═══ Data to use

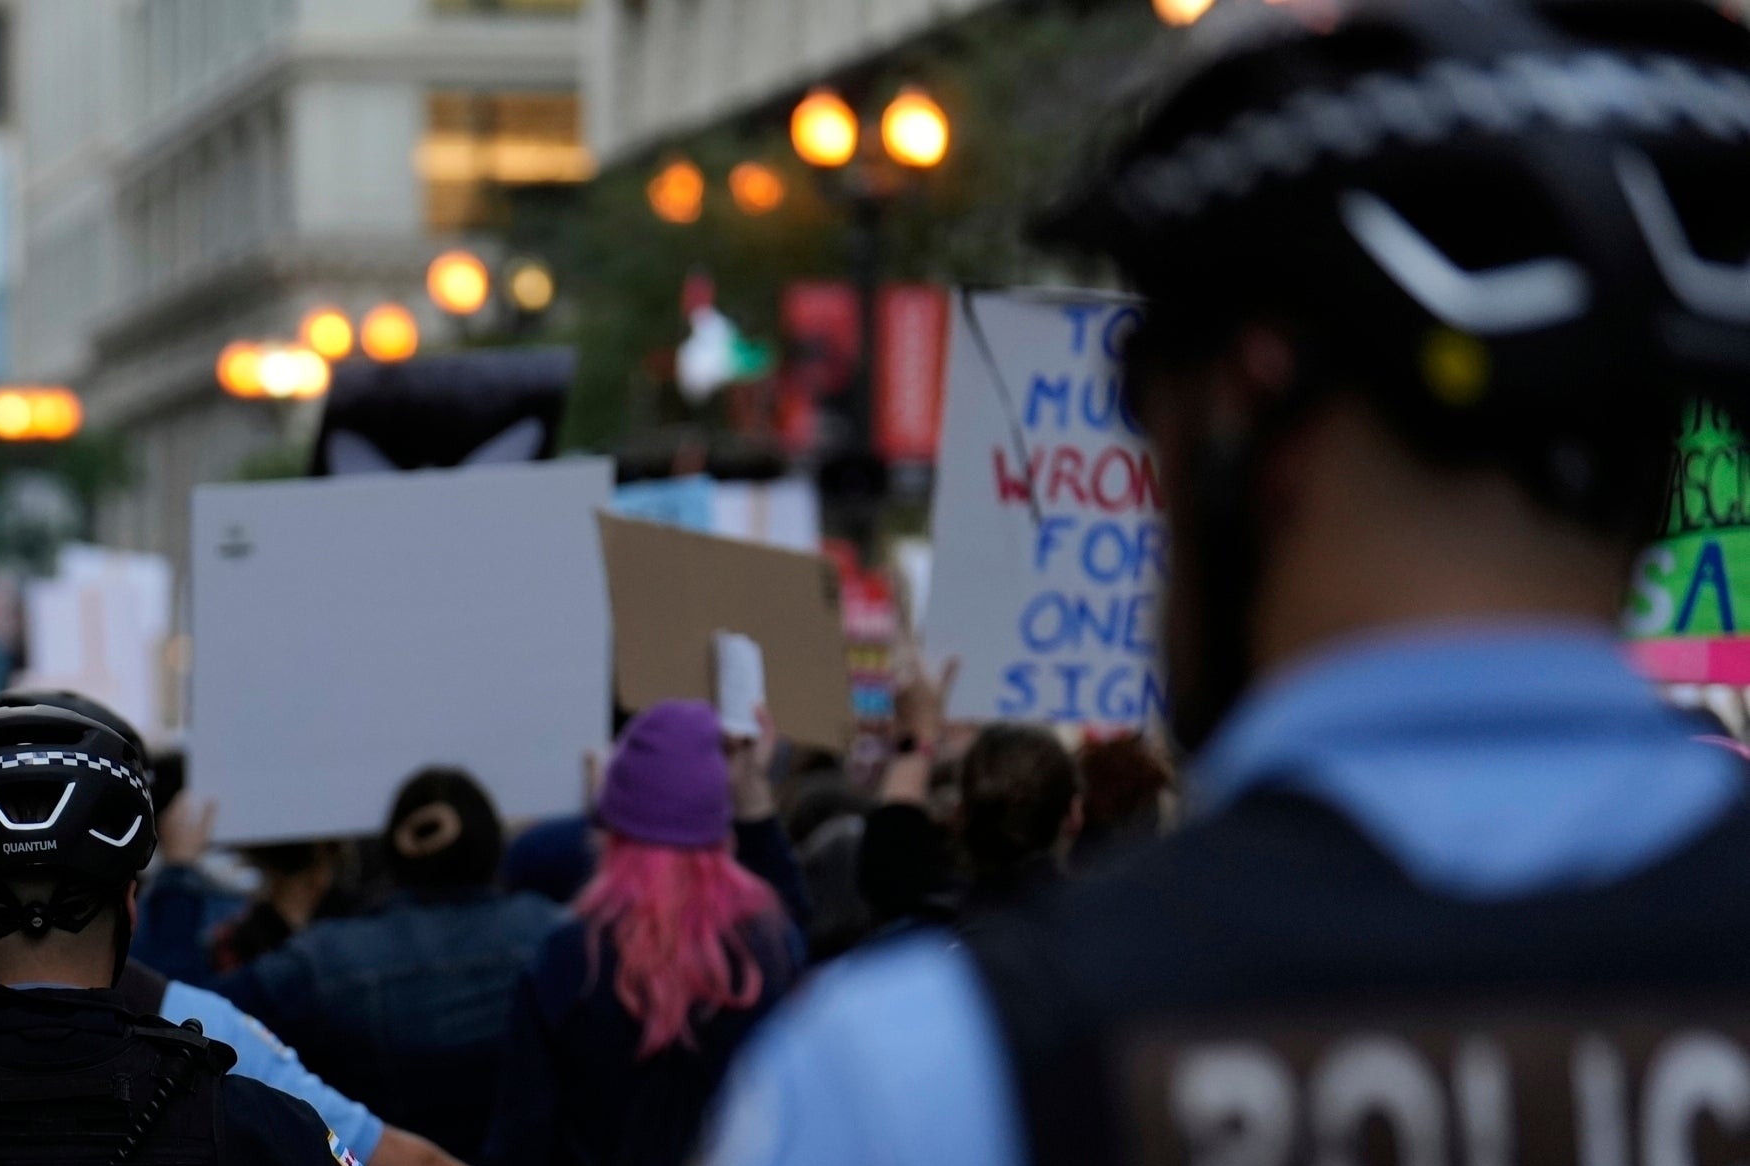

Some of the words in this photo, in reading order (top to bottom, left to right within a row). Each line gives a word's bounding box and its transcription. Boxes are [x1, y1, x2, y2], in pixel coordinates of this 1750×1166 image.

[1034, 516, 1172, 583] FOR
[1019, 592, 1156, 654] ONE
[3, 840, 57, 855] QUANTUM
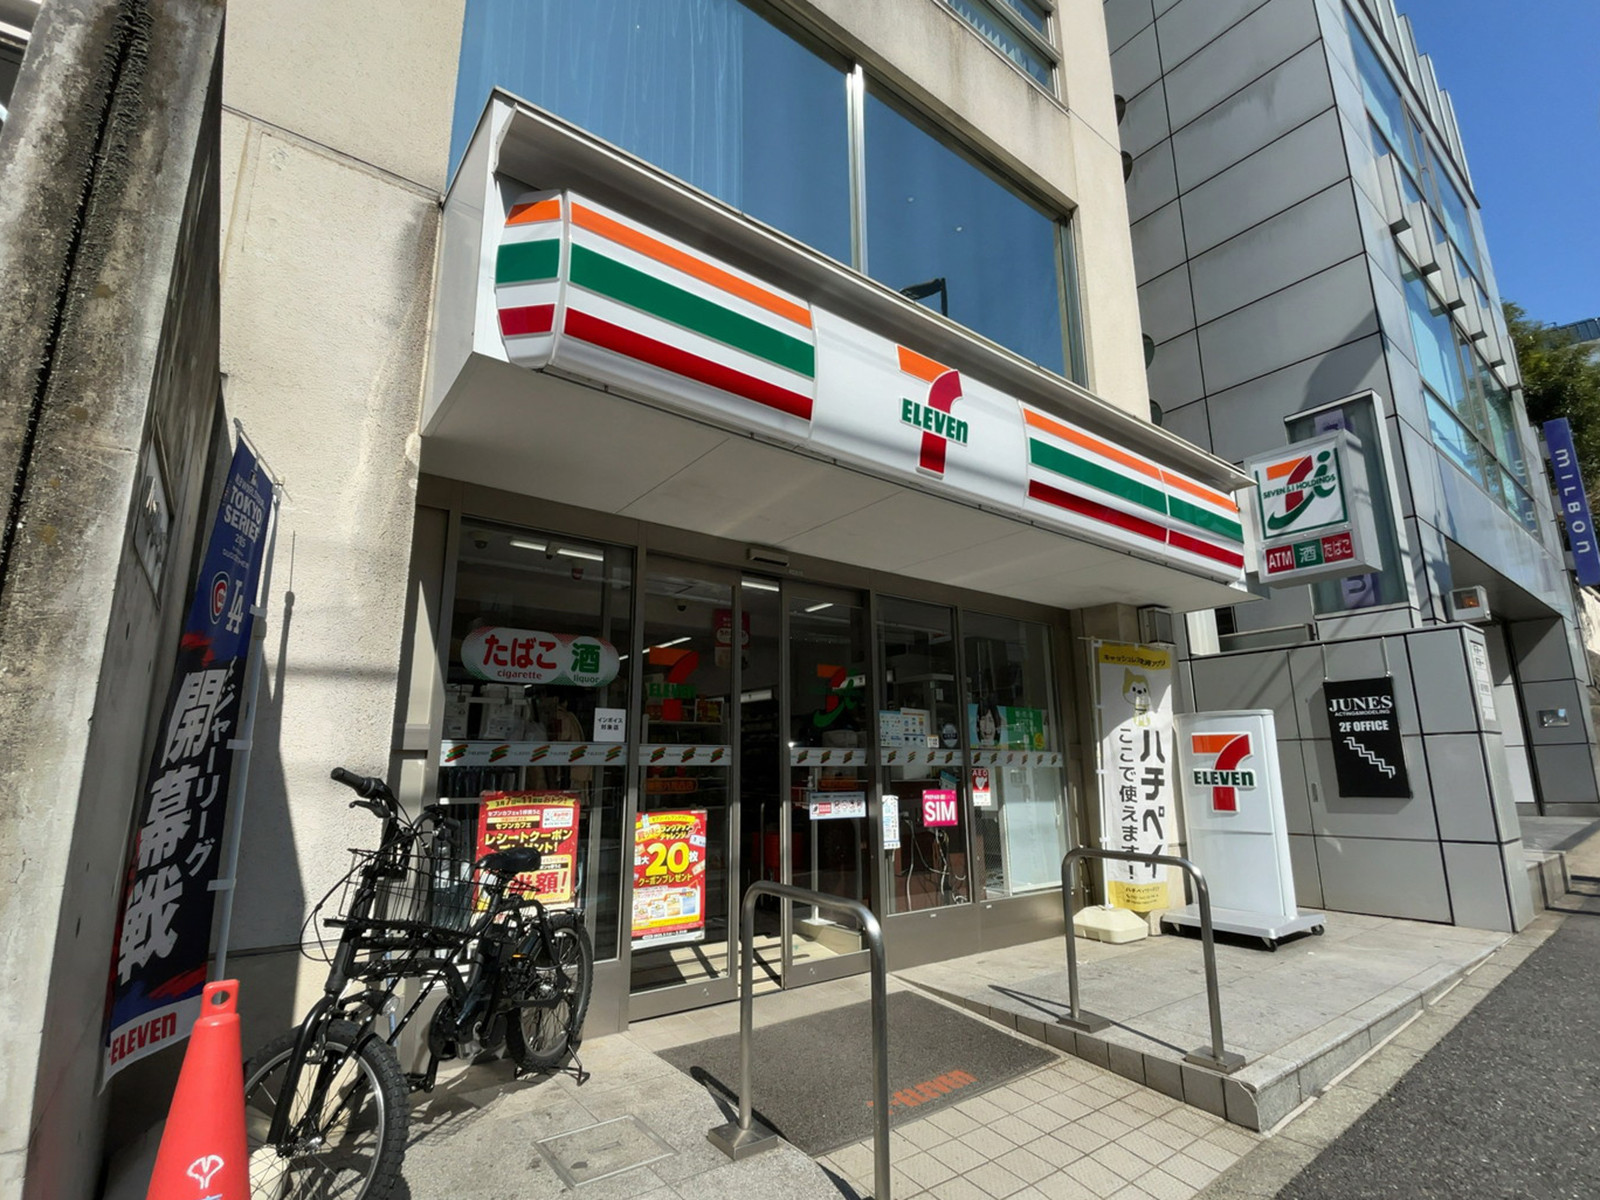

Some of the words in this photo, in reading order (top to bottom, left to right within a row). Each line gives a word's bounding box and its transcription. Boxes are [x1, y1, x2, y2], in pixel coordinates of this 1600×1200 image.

══════

## Exercise requirements
From the listing, extract all text exactly as given and drop any picture.

## Written response
Some of the words in this photo, in reading order (top to bottom, left to right within a row). Each line gives a word's bounding box and its transcription. Boxes are [x1, y1, x2, y2], in pixel coordinates of this 1750×1166 image.

[1034, 516, 1172, 583] FOR
[1019, 592, 1156, 654] ONE
[3, 840, 57, 855] QUANTUM

Some of the words in this photo, in reading order (top to bottom, left to right within a row). Each line gives a word's bounding box and its transcription. Boxes are [x1, y1, x2, y2], in pixel coordinates of this 1600×1200 image.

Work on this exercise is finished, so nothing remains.